A los veintidós años, Mugica se había acercado a la Iglesia sin imaginar que la fe iba a marcar profundos surcos en su camino y que su vida iría a transformarse en un sendero apasionante, sufriente y liberador para tantos, aunque trágico para él.
–Empezó a trabajar en grupos de Acción Católica, en el Santísimo Sacramento. Era rubiecito, con dos faroles celestes como ojos, y muy flaquito e inquieto. No había cumplido los trece cuando colaboró por primera vez y tenía el deseo oculto de ser o parecer más grande. En estos años creo que empezó su vocación sacerdotal. Fue muy gracioso verlo en una procesión barrial de la Virgen. Le había pedido prestado un pantalón largo a su hermano mayor, porque él aún no tenía edad para usarlos. El resultado fue que cada, dos pasos, se agarraba con una mano los pantalones que le sobraban por todos lados y que se le caían a pesar del cinturón –contó emocionado el padre Alberto Carbone, quien a los setenta y tres años, es cura párroco de la iglesia Nuestra Señora de la Paz, en el Barrio Obrero Rivadavia, del partido de Merlo-Moreno.
Carbone está hoy totalmente alejado de la exposición pública a la que fue sometido a principios de los años setenta, cuando su nombre aparecía en titulares cuerpo catástrofe en los diarios, que lo exhibían como cura montonero y lo ligaban al asesinato del ex presidente de la dictadura, Pedro Eugenio Aramburu. En su casa se había encontrado la máquina de escribir en la que los guerrilleros habían escrito el comunicado adjudicándose el hecho, situación que lo llevó a la cárcel. Carbone se mantiene lejos de las reuniones de las cúpulas eclesiásticas, pero nunca está ausente de donde militan la pobreza y la necesidad, como en sus años de juventud.
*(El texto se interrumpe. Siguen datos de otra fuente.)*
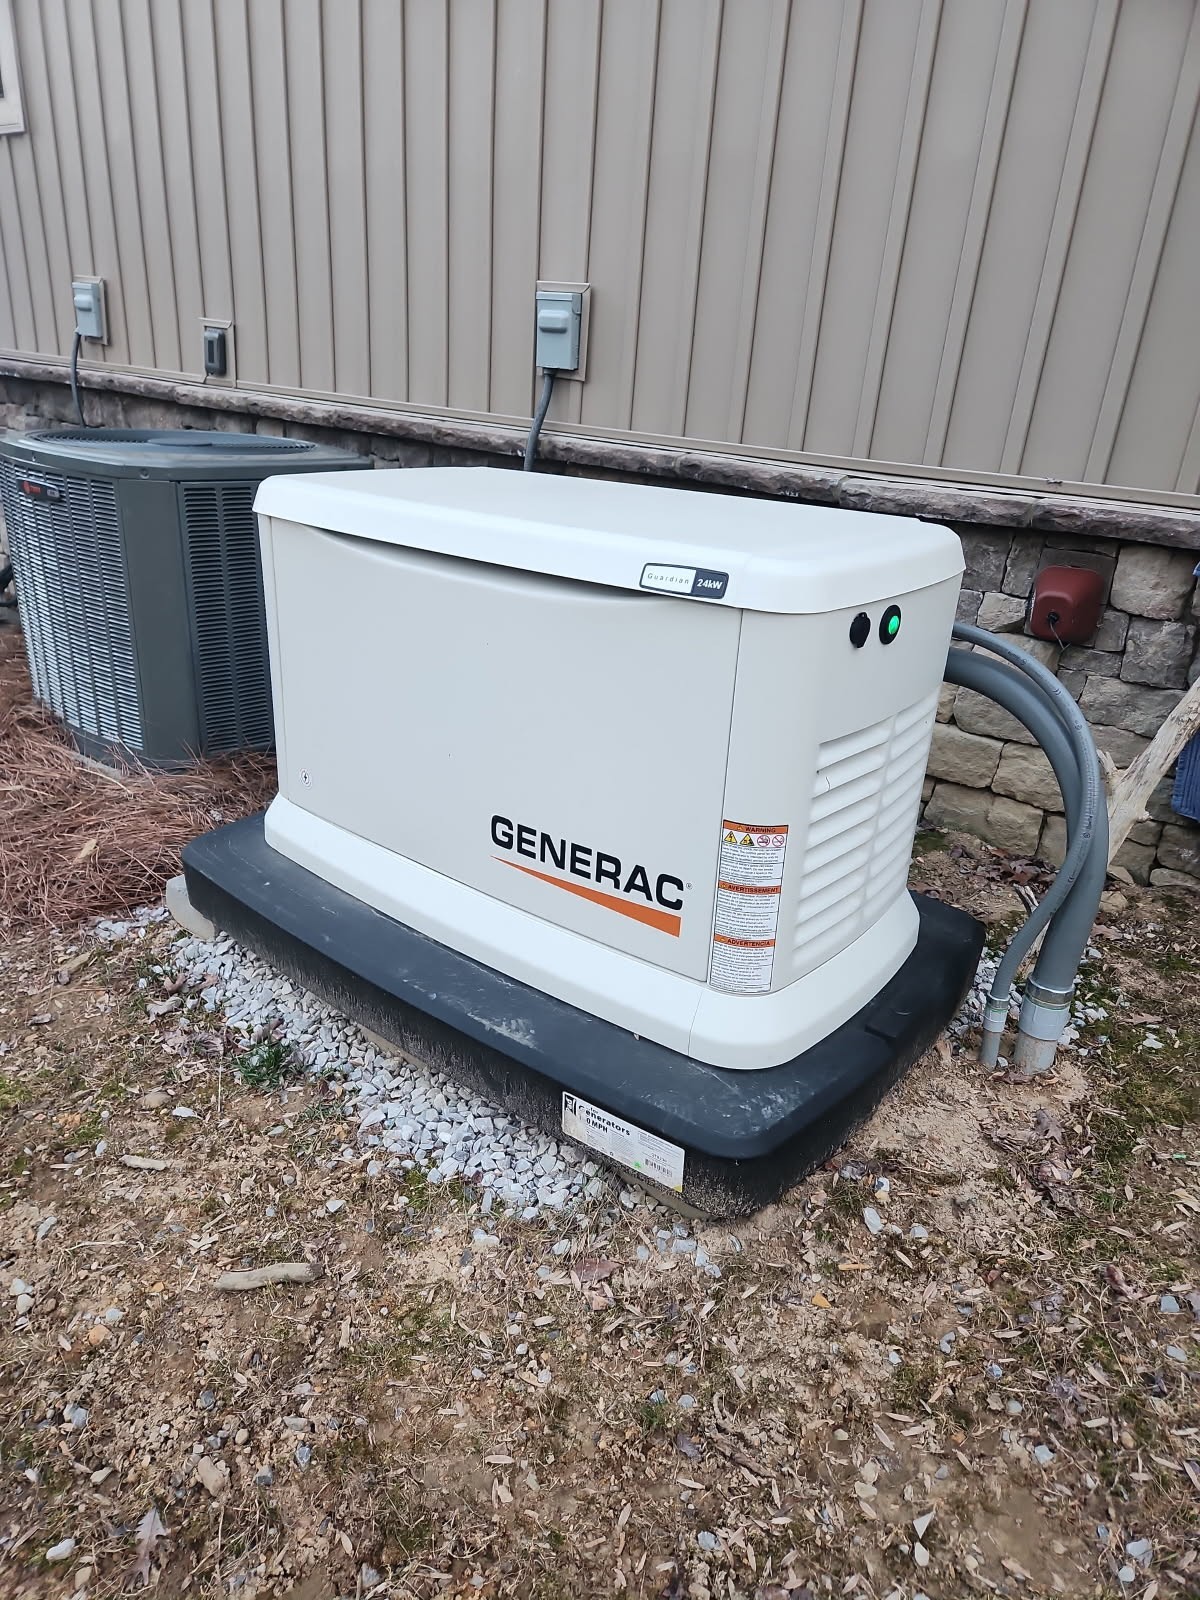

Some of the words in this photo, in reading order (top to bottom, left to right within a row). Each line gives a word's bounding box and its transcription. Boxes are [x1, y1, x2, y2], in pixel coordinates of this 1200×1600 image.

[647, 572, 689, 585] Guardian
[697, 578, 723, 590] 24kW
[491, 814, 684, 911] GENERAC
[728, 883, 779, 893] AVERTISSEMENT
[727, 938, 771, 947] ADVERTENCIA
–Yo lo quería muchísimo. Carlos era un tipo especial, lleno de vida y amor por los pobres. Y profundos deseos de cambiar el mundo. No medía los riesgos, se metía en todas partes, peleaba contra los poderosos, se jugaba por lo que pensaba.. Fue el gran exponente del movimiento liberador que empezó a gestarse en aquellos años adentro de la Iglesia y que luego fue aplastado por los de arriba. A veces pienso qué hubiera sido de él si hoy estuviera vivo. Creo que no era de este mundo... –dice Carbone con melancolía.
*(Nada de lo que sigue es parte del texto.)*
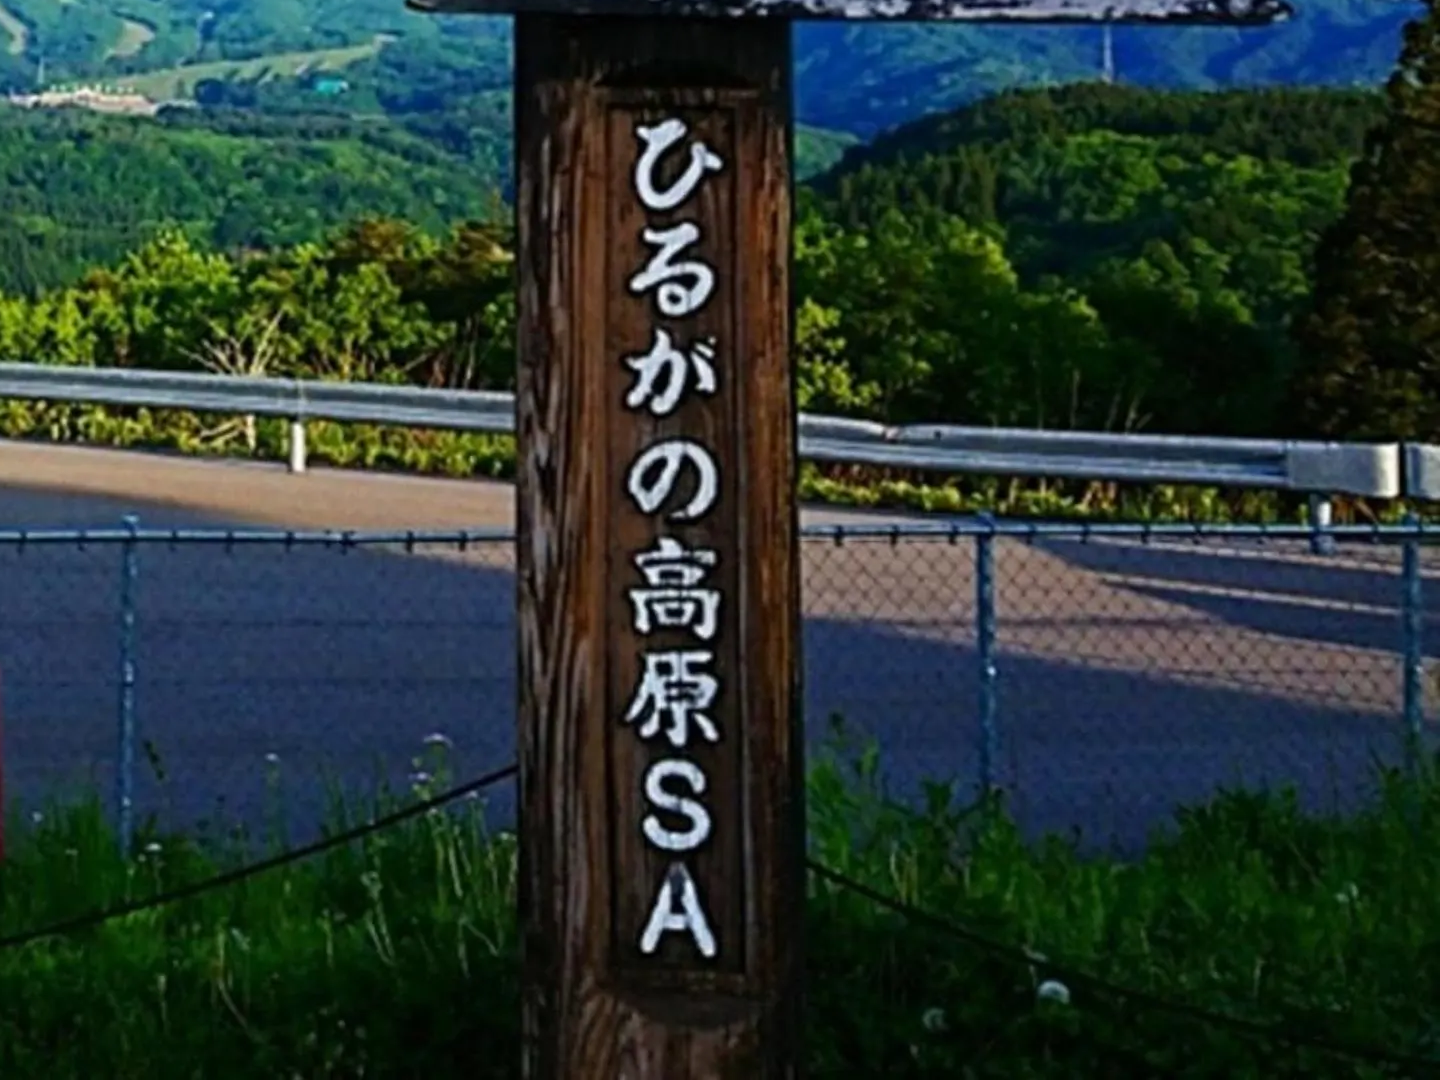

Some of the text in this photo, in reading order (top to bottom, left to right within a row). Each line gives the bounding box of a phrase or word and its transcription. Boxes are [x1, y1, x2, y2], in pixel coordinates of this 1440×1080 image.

[626, 119, 722, 957] ひるがの高原SA
Carlos Francisco Sergio Mugica Echagüe, tal su nombre completo, había nacido el 7 de octubre de 1930. Apenas un mes antes se había producido el primer golpe militar que registró la historia argentina: el 6 de septiembre el gobierno constitucional de Hipólito Yrigoyen caía derrocado por un movimiento revolucionario liderado por el teniente general José Félix de Uriburu.
Tercero entre siete hermanos, todos se habían criado en un amplio y antiguo piso de estilo francés, de la calle Arroyo 844. Cuando la familia terminó de ampliarse y los hijos estaban medianamente crecidos, los Mugica se mudaron a un edificio no menos distinguido, sobre la calle Gelly Obes 2230.
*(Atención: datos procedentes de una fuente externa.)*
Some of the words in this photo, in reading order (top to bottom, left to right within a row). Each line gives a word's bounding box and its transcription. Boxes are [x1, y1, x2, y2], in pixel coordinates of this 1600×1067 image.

El jefe de tan prolífera familia era ingeniero civil, abogado y político del muy conservador Partido Demócrata. Se llamaba Adolfo Mugica. Su mujer, Carmen Echagüe, hija del ex gobernador de la provincia de Buenos Aires, Pascual Echagüe, había soñado siempre con que uno de sus hijos fuera sacerdote. Carlos cumplió con el deseo materno, aunque difícilmente ella hubiera imaginado un sacerdocio como el suyo. Carlos Mugica se metió a ser cura por amor a los pobres y por amor a Cristo. Nunca se imaginó escalando puestos dentro de la conservadora Iglesia argentina de esos años, a pesar, de que por su origen social, tenía todo lo que se necesitaba para llegar a la cúspide. Consciente del dolor de cabeza constante que significaba para su madre, Carlos Mugica vivía comprándole sus dulces preferidos y le decía:
–Esto es para endulzar los disgustos que te traigo.
Aunque en un momento de su vida definió claramente su opción por los pobres, y la practicó entre otras cosas con su trabajo diario en las villas, siguió viviendo largos años con sus padres.
–Me gusta charlar y discutir con papá, que sigue siendo "gorila" en algunas cosas, y leer el diario y comentarlo juntos por la mañana –explicaba. Así era Carlos, un burgués que se refugiaba en la villa y un villero que descansaba en la casa familiar de la calle Arroyo.
María Marta, la menor de sus hermanas, definió una vez a su familia como "tradicional, con dos valores esenciales: la patria y la religión". Y él reconocería después que durante su juventud no había tenido en cuenta el mundo de los humildes y que en aquellos días, cuando escribía cartas a su familia, las terminaba siempre con esta frase: "Saludos a las sirvientas".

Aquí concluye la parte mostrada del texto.